"Wie viele Nebenstränge hat die Geschichte!"

"Wie viele Nebenstränge hat die Geschichte!" ist das Masterprojekt von Vinzenz Damm, in dem er als kuratorische Assistenz für die Ausstellung „Tuntenhaus Forellenhof 1990 – der kurze Sommer des schwulen Kommunismus“ tätig war. Die Ausstellung wurde vom 1. Juli 2022 bis 13. Februar 2023 im Schwulen Museum Berlin gezeigt.

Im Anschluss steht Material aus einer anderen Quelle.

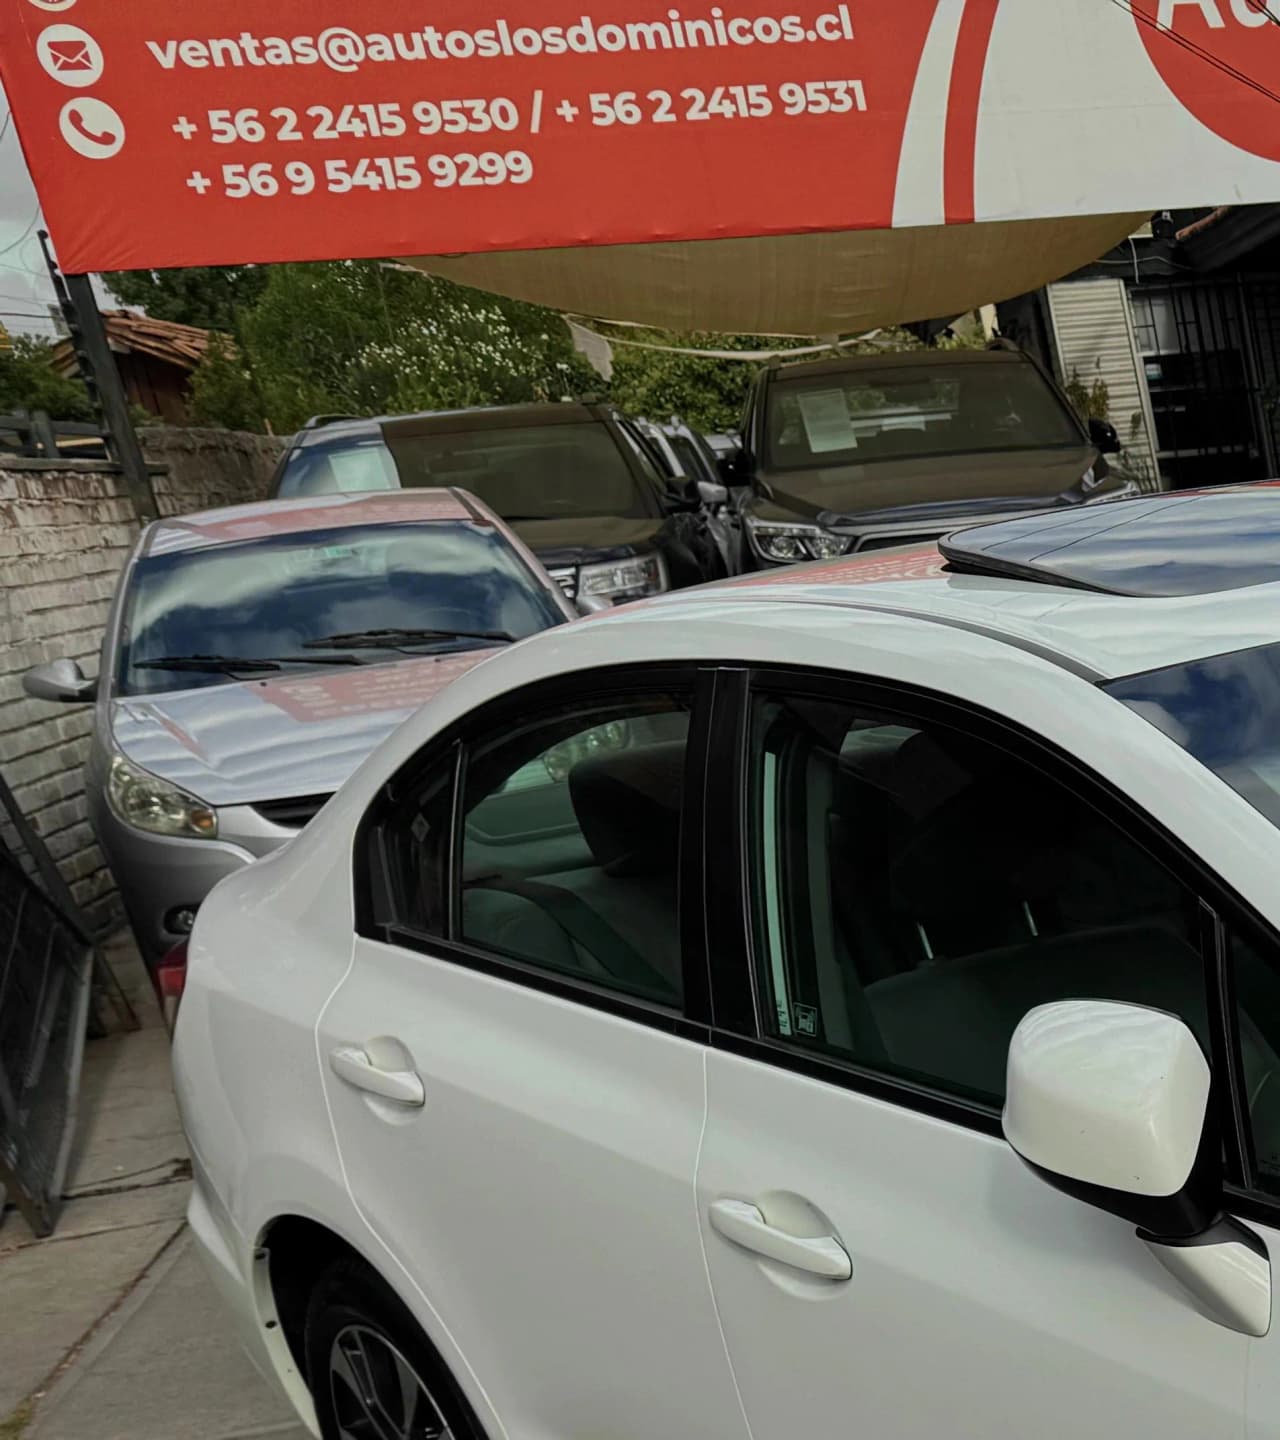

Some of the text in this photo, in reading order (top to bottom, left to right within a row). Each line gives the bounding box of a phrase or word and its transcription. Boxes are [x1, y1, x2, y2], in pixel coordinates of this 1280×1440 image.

[146, 5, 854, 73] ventas@autoslosdominicos.cl
[173, 79, 867, 144] + 56 2 2415 9530 / + 56 2 2415 9531
[187, 150, 533, 198] + 56 9 5415 9299
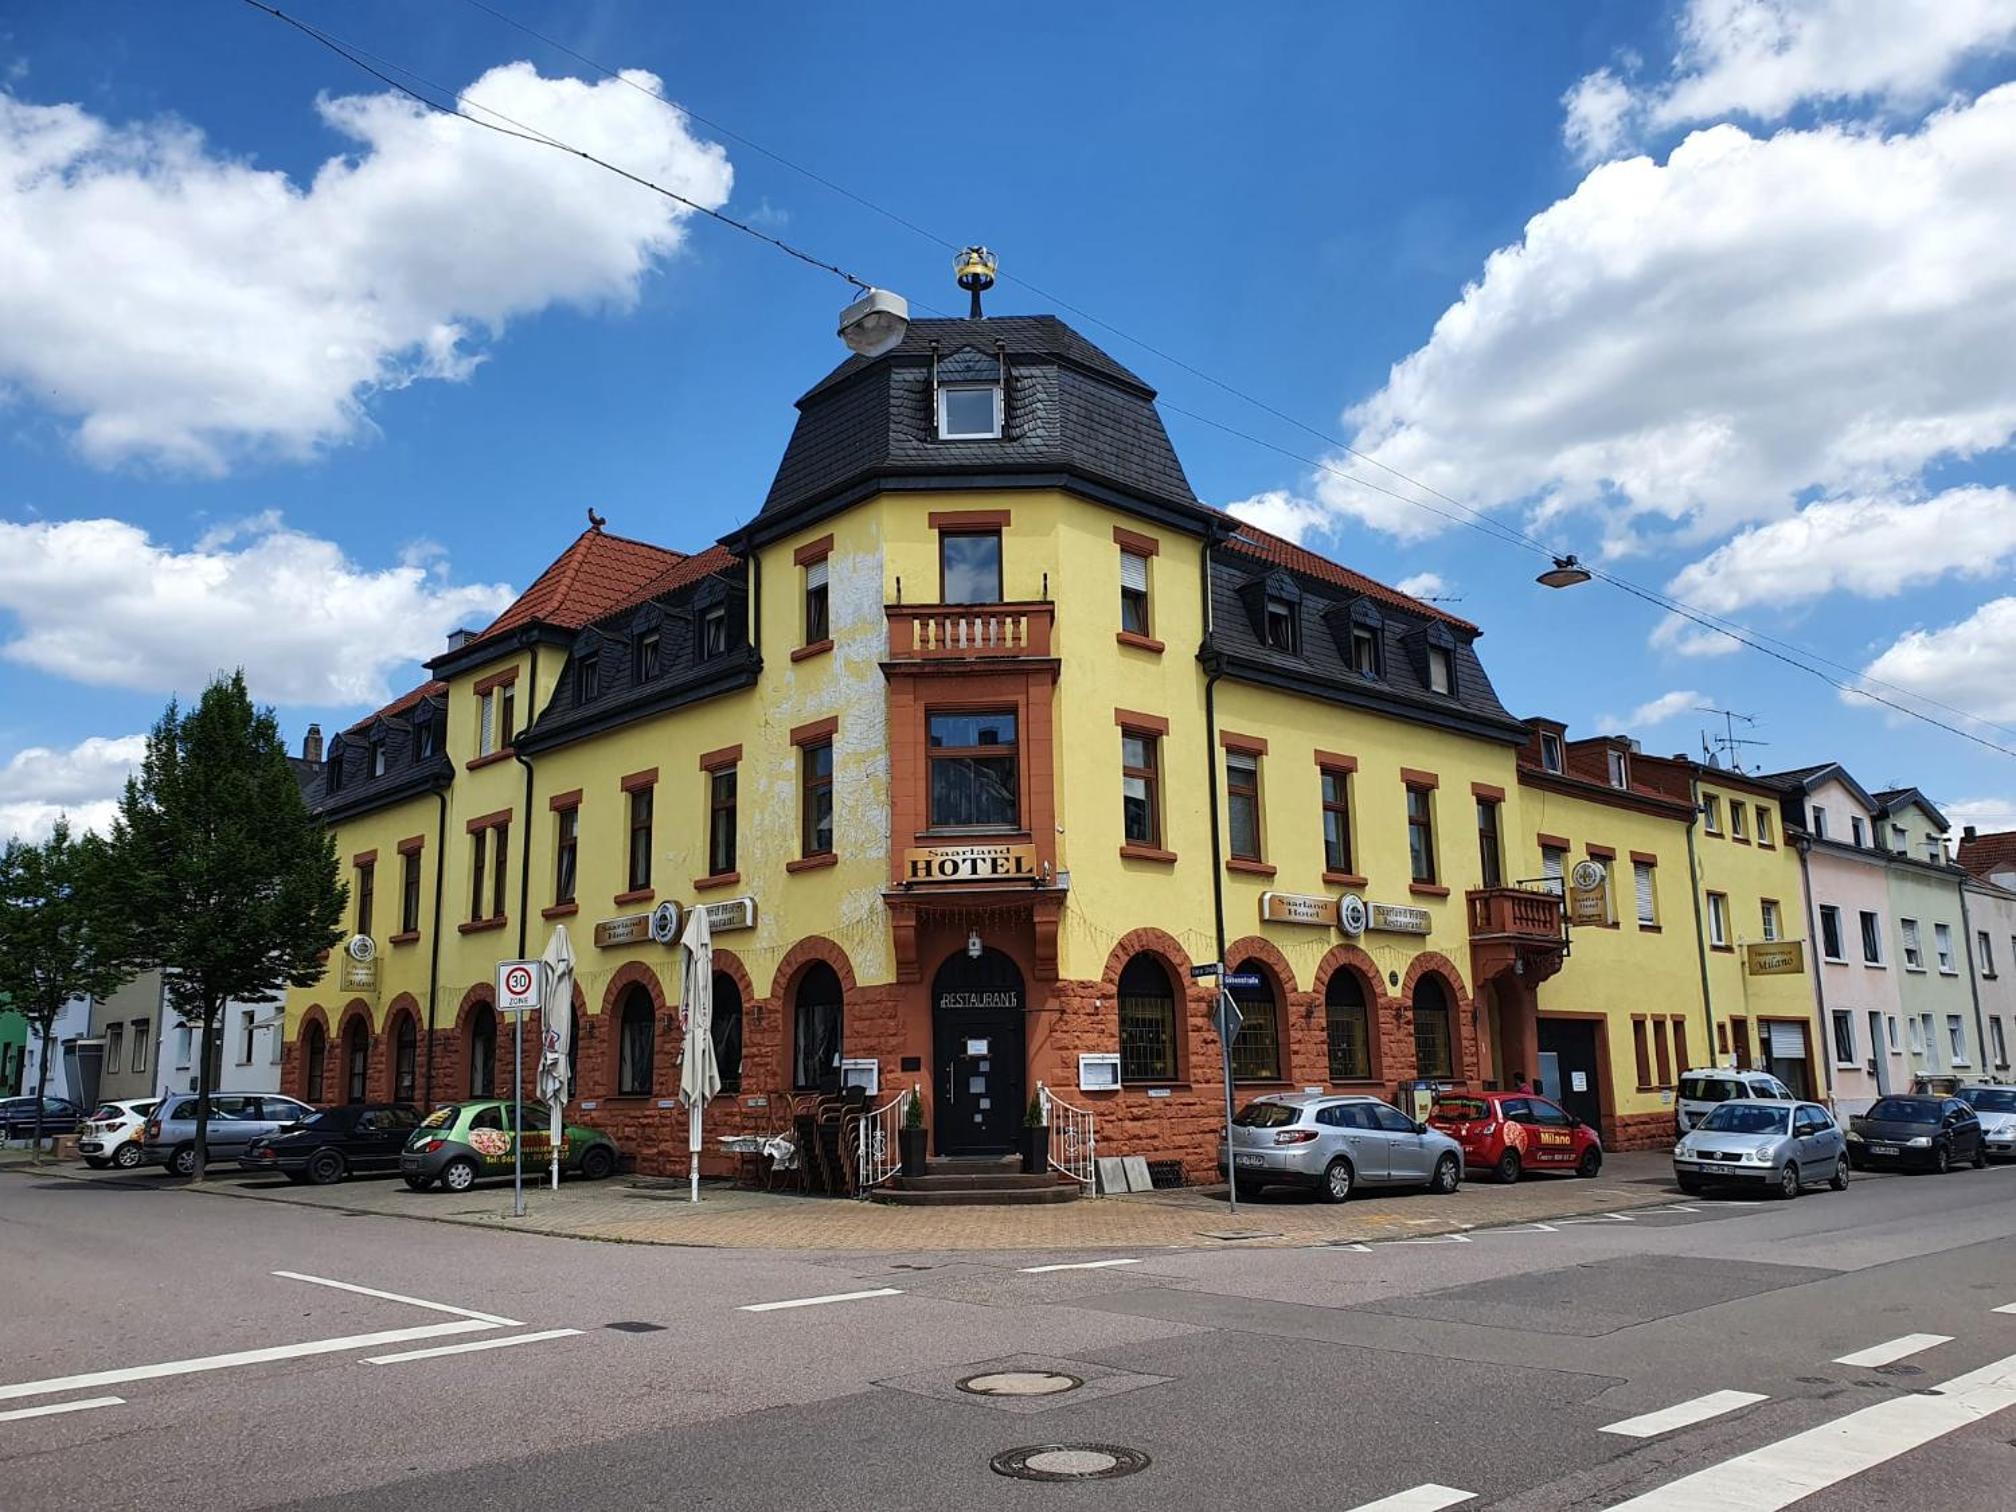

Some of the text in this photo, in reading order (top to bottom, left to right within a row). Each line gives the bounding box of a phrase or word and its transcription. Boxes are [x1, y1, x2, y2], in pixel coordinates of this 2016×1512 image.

[928, 847, 1011, 857] Saarland
[910, 856, 1033, 877] HOTEL
[722, 903, 743, 916] Hotel
[1277, 899, 1328, 910] Saarland
[1288, 909, 1320, 918] Hotel
[1377, 906, 1427, 920] Saarland Hotel
[602, 919, 642, 931] Saarland
[708, 917, 735, 927] aurant
[1384, 917, 1422, 929] Restaurant
[608, 929, 634, 940] Hotel
[1753, 957, 1794, 970] Milano
[511, 974, 527, 988] 30
[509, 997, 529, 1005] ZONE
[941, 992, 1017, 1008] RESTAURANT
[1540, 1132, 1571, 1145] Milano

Hoffest im Tuntenhaus Forellenhof, Foto: Michael Österreich

Am 14.11.1990 wurde die Mainzer Straße zum Schauplatz der ersten großen Niederlage der zweiten Welle der Besetzer*innen-Bewegung des wiedervereinigten Berlins. Der Tag endete mit der Räumung von 12 besetzten Häusern, die in der Mainzer für drei Tage gegen die einmarschierende westdeutsche Polizei verteidigt wurden. An den errichteten Barrikaden schaufelten Besetzer*innen, Nachbar*innen, Autonome, Jugendliche, Lesben und schwule Tunten mit. Letztere bewohnten eines der umkämpften Häuser, das sogenannte Tuntenhaus.

Die Ausstellung „Tuntenhaus Forellenhof 1990 – der kurze Sommer des schwulen Kommunismus“, die von einem ehemaligen Bewohner des Tuntenhauses kuratiert wurde und an der ich als kuratorische Assistenz beteiligt war, nahm sich zum Anspruch, die Erzählung der Besetzungen in der Mainzer Straße auch unter der queeren Perspektive in Augenschein zu nehmen. Gleichfalls sollte die Verschränkung von links autonomem Aktivismus und der Schwulen Szene, die sich aus West-Berlin aufmachte, den Leerstand Ost-Berlins instand zu besetzen, deutlich gemacht werden. Denn die Besetzer*innen-Bewegung war nicht nur eine Hasskappen tragende Bande von Mackern. Das Tuntenhaus war ein integraler Bestandteil der linksautonomen Szene in Friedrichshain, gerade weil es die Bewohner*innen vermochten, ihr Tunten-Draging im Kampf um die Straße, die Deutungshoheit von Geschlecht und linker Identität mit in den Ring zu werfen. Durch ihr auffälliges Auftreten wirkten sie an der öffentlichen Wahrnehmung der Besetzer*innenbewegung von 1990 entscheidend mit. Die Strategie, sich im Fummel zu exponieren und die Open Door Politik ihres Hauses erwies sich spätestens für die Recherche zur Ausstellung als vorteilhaft hinsichtlich der Möglichkeit, dass sich ein Erinnern auf eine Vielzahl an Fotografien, gemeinsam verfasste Texte, Kostüme und audiovisuelles Material stützen konnte. Andere Gruppierungen der Besetzer*innen-Bewegung, wie bspw. das Lesben- und Frauenhaus in direkter Nachbarschaft mit seiner Closed Door Politik, wurden durch die ungleiche Sichtbarkeit aus dem materialen Gedächtnis getilgt. Das systematische Ausblenden anderer Lebensrealitäten, wie die daraus resultierenden klandestinen Marginalisierungen innerhalb der linken Besetzer*innen-Bewegungen, verstärken derlei Tendenzen und haben reale Auswirkungen darauf, wie wir erinnern und wen wir erinnern.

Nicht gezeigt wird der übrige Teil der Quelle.